This gets fairly close:
# Generate sample data (I'm too lazy to type out the full labels)
df <- data.frame(
perc = c(60, 36, 44, 41, 42, 57, 34, 52),
type = rep(c("blue", "green"), 4),
label = rep(c(
"Individual reports created as needed",
"Regular reports on single topics",
"Analytics using data integrated from multiple systems",
"Business unit-specific dashboards and visuals"), each = 2))
library(ggplot2)
ggplot(df, aes(1, perc, fill = type)) +
geom_col(position = "dodge2") +
scale_fill_manual(values = c("turquoise4", "forestgreen"), guide = FALSE) +
facet_wrap(~ label, ncol = 1, strip.position = "bottom") +
geom_text(
aes(y = 1, label = sprintf("%i%%", perc)),
colour = "white",
position = position_dodge(width = .9),
hjust = 0,
fontface = "bold") +
coord_flip(expand = F) +
theme_minimal() +
theme(
axis.title = element_blank(),
axis.text = element_blank(),
axis.ticks = element_blank(),
panel.grid.major = element_blank(),
panel.grid.minor = element_blank(),
strip.text = element_text(angle = 0, hjust = 0, face = "bold"))

A few explanations:
- We use dodged bars and matching dodged labels with
position = "dodge2"
(note that this requires ggplot_ggplot2_3.0.0
, otherwise use position = position_dodge(width = 1.0)

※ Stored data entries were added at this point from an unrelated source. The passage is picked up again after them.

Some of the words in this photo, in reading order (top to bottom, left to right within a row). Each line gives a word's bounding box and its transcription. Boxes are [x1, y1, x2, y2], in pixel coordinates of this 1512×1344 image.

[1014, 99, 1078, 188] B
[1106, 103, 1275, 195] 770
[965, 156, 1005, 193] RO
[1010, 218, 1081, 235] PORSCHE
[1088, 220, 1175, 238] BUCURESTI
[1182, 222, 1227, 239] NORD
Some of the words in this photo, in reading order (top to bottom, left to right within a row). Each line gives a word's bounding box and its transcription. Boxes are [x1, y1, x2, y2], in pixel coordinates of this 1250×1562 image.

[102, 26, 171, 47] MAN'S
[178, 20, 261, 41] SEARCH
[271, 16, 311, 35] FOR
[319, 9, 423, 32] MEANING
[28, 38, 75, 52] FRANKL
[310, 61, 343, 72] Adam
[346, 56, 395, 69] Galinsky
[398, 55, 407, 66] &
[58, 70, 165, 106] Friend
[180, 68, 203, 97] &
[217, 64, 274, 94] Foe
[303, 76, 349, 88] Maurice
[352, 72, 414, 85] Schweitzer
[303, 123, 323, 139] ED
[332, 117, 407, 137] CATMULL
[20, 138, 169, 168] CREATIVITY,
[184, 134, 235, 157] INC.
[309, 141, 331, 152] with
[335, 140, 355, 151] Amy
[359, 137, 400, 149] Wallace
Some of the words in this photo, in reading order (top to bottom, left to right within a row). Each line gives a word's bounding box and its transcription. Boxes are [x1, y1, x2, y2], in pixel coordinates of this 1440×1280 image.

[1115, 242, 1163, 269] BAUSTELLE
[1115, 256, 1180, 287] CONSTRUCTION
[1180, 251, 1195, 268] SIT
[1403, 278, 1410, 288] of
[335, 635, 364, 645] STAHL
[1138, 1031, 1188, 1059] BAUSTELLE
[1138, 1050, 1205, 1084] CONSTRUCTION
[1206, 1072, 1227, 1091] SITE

) and position = position_dodge(width = 0.9)
, respectively.
- We use
facet_wrap
and force a one-column layout; strip labels are moved to the bottom.
- We rotate the entire plot with
coord_flip(expand = F)
, where expand = F
ensures that left aligned (hjust = 0
) facet strip texts align with 0.
- Finally we tweak the theme to increase the overall aesthetic similarity.